Remove test database and access to it? [Y/n] y - test DB삭제 허용여부 

- Dropping test database...

... Success!

- Removing privileges on test database...

... Success!

 

Reloading the privilege tables will ensure that all changes made so far

will take effect immediately.

 

Reload privilege tables now? [Y/n] y - 지금까지 설정 했던 저장 여부 

... Success!

 

Cleaning up...

 

All done!
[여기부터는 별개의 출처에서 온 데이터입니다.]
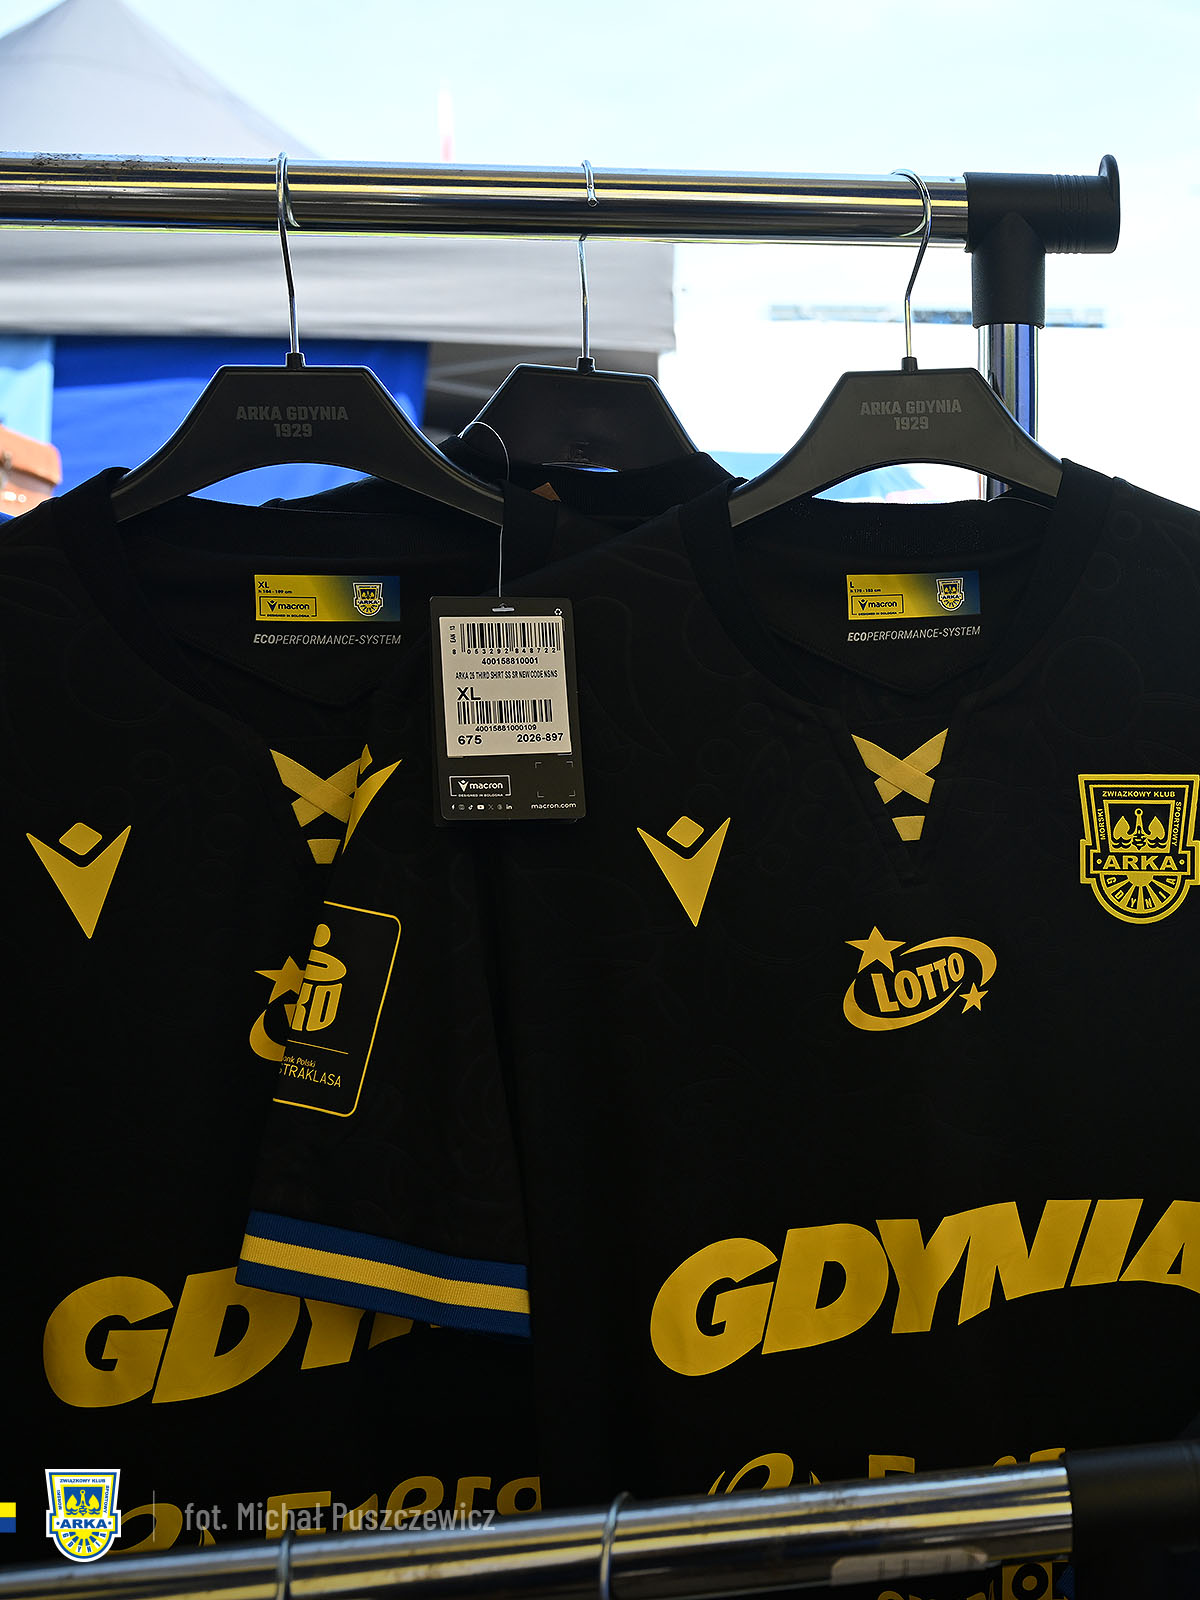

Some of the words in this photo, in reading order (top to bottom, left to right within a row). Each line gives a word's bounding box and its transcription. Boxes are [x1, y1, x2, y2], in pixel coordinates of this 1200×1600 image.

[236, 406, 282, 420] ARKA
[286, 406, 349, 420] GDYNIA
[860, 402, 902, 415] ARKA
[905, 400, 962, 414] GDYNIA
[274, 423, 313, 438] 1929
[894, 416, 929, 430] 1929
[253, 633, 401, 645] ECOPERFORMANCE-SYSTEM
[848, 626, 981, 642] ECOPERFORMANCE-SYSTEM
[482, 657, 538, 665] 400158810001
[457, 687, 481, 700] XL
[458, 735, 482, 745] 675
[517, 733, 563, 742] 2026-897
[1154, 790, 1176, 798] KLUB
[1097, 808, 1106, 840] MORSKI
[1171, 801, 1182, 846] SPORTOWY
[1102, 855, 1179, 870] ARKA
[1106, 876, 1176, 908] GDYNIA
[871, 952, 965, 1012] LOTTO
If you've completed all of the above steps, your MariaDB

installation should now be secure.

 

Thanks for using MariaDB!

 

 # vi /etc/my.cnf.d/mysql-client.cnf 

 [mysql] 

 default-character-set=utf8mb4 - 기본 문자셋을 utf8mb4로 설정 

 … 

 [mysqldump] 

 default-character-set=utf8mb4 - dump시 기본 문자셋을 utf8mb4로 설정 

 - 입력 후 저장

 

 # vi /etc/my.cnf.d/server.cnf 

 [mysqld] 

 collation-server = utf8mb4_unicode_ci 

 init-connect='SET NAMES utf8mb4' 

 character-set-server = utf8mb4 

 default_storage_engine=innodb 

 - 입력 후 저장

 

6. 계정 설정

 # systemctl restart mariadb 

 # mysql -u root -p - root계정 패스워드와 같음 

 MariaDB [(none)]> use mysql; - DB 선택 

 MariaDB [mysql]> SELECT Host, User, Password FROM user; 

 MariaDB [mysql]> UPDATE user SET Host="%" WHERE User='root'; 

 - User가 root인 Host값을 %(어느 주소에서나 접근가능)로 변경 

 Query OK, 1 row affected (0.001 sec) 

 Rows matched: 1 Changed: 1 Warnings: 0 

 MariaDB [mysql]> flush privileges; - 적용 

 Query OK, 0 rows affected (0.000 sec) 

 

 MariaDB [mysql]> SET Password FOR 'root'@'%' = PASSWORD('패스워드'); 

 - DB root계정 패스워드 변경 

 Query OK, 0 rows affected (0.001 sec) 

 

 MariaDB [mysql]> flush privileges; - 적용 

 Query OK, 0 rows affected (0.000 sec) 

 

7. 포트포워딩 설정

 1) firewalld

 # vi /etc/firewalld/zones/public.xml 

 <?xml version="1.0" encoding="utf-8"?>
 <zone> 

 … 

  <port protocol="tcp" port="3306"/> 

 </zone> 

 - 입력 후 저장

 # firewalld-cmd --reload 

 

  2) iptables

 # iptables -I INPUT -s 0.0.0.0/0 -d 아이피 ex) 192.168.0.123 -p tcp --dport 3306 -j ACCEPT 

 # service iptables save